Yeah this is what keeps me from considering old PCs for NAS.
Maybe stating the blindingly obvious but seems like there is a gap in the market for a board or full kit with a high efficiency ~1-10W CPU and a bunch of SATA and PCIe ports.
Then you've got to consider what are you optimizing for. Is the power bill going to be offset by the cost of a Pi plus any extras you need, or a cheap second hand PC someone wants to clear out, or free if you can put an old serviceable PC you have already back into use. Is it heat? Noise? Space that it needs to hide away in? Airflow for the location?
Minisforum sort of working on it, I'd imagine the AMD "AI" processors are pretty low power at idle as they're mobile chips. Obviously has the downsides of other minipcs tho (high cost, low expandability)

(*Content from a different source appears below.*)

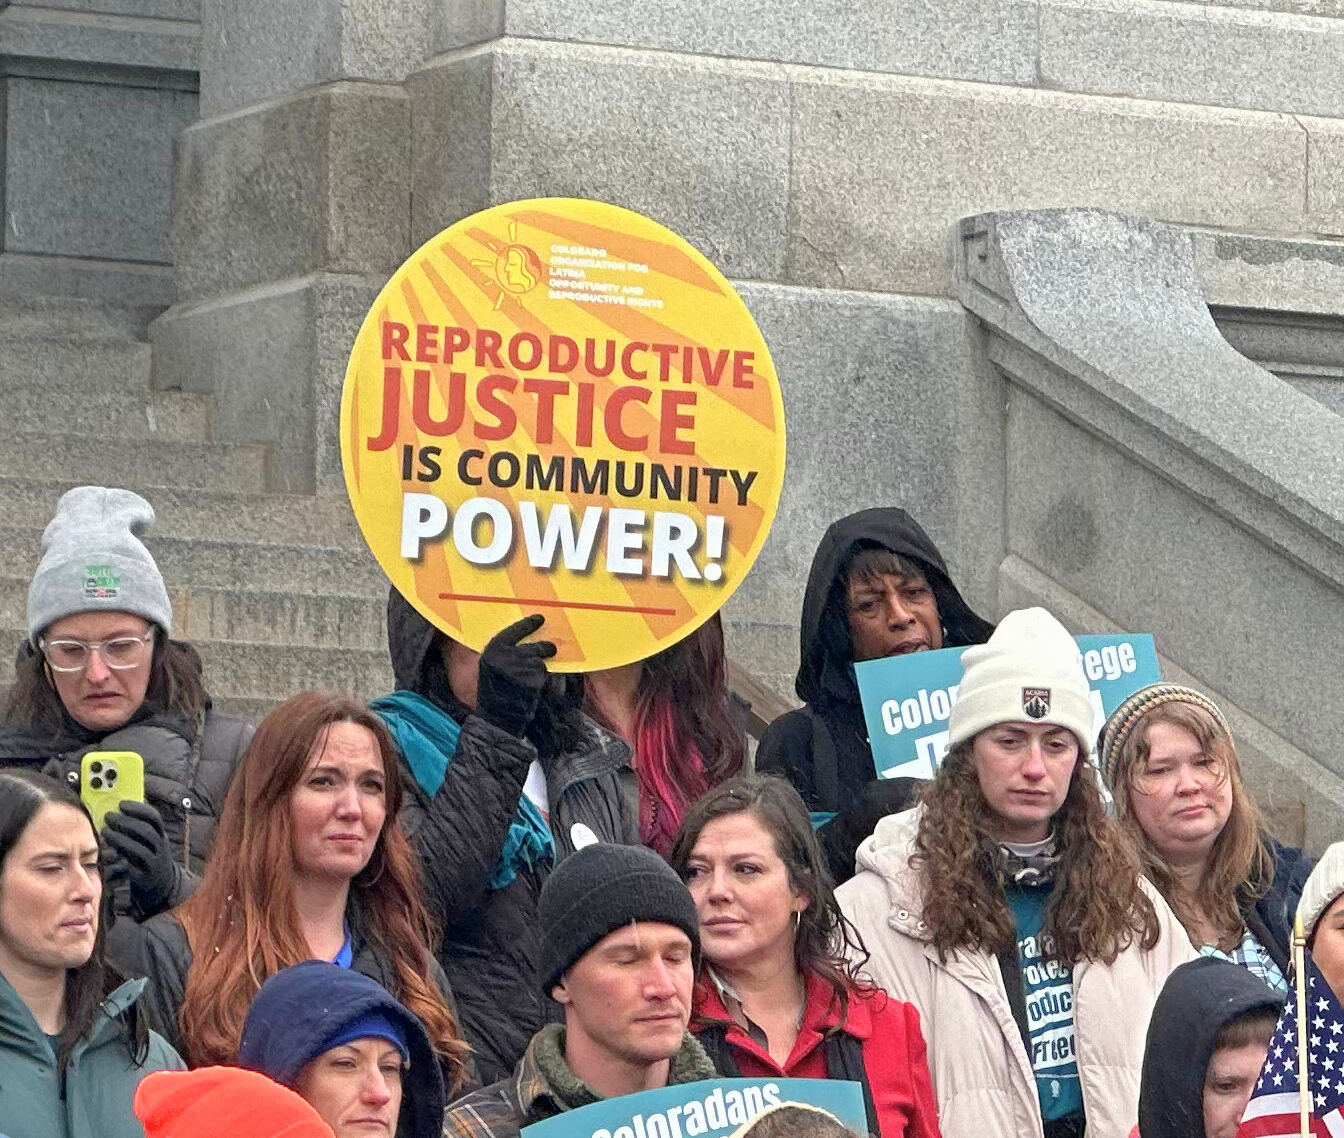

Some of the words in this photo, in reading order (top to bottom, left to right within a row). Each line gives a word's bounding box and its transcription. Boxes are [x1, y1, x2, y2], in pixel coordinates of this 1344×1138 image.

Probably not very good. I selected large spinning hard drives because I could get them at a good price for 2TB each and I wanted to setup a RAID5-like system in ZFS and btrfs (lesson learned, btrfs doesn't actually support this correctly) and I wanted to get at least 10TB with redundancy.
I don't know how much each of those SATA disks take up, but probably more than a single Raspberry Pi does.
Likewise it has a few case fans in it that may be pointless. I would prefer it never has a heating issue versus saving a few "whurrr" sounds off in a closet somewhere that nobody cares about.
It's also powering that Nvidia 1060 that I do almost nothing with on the NAS. I don't even bother to enable the Jellyfin GPU transcoding configuration because I prefer to keep my library encoded in h264 right now anyhow as I have not yet made the leap to a newer codec because the different smart TVs have varying support. And sometimes my daughter has a friend come over that has a weird Amazon tablet thing that only does a subset of things correctly.
The 1060 isn't an amazing card really, but it could do some basic Ollama inference if I wanted. I think it has 6GB of memory, which is pretty low, but usable for some small LLMs.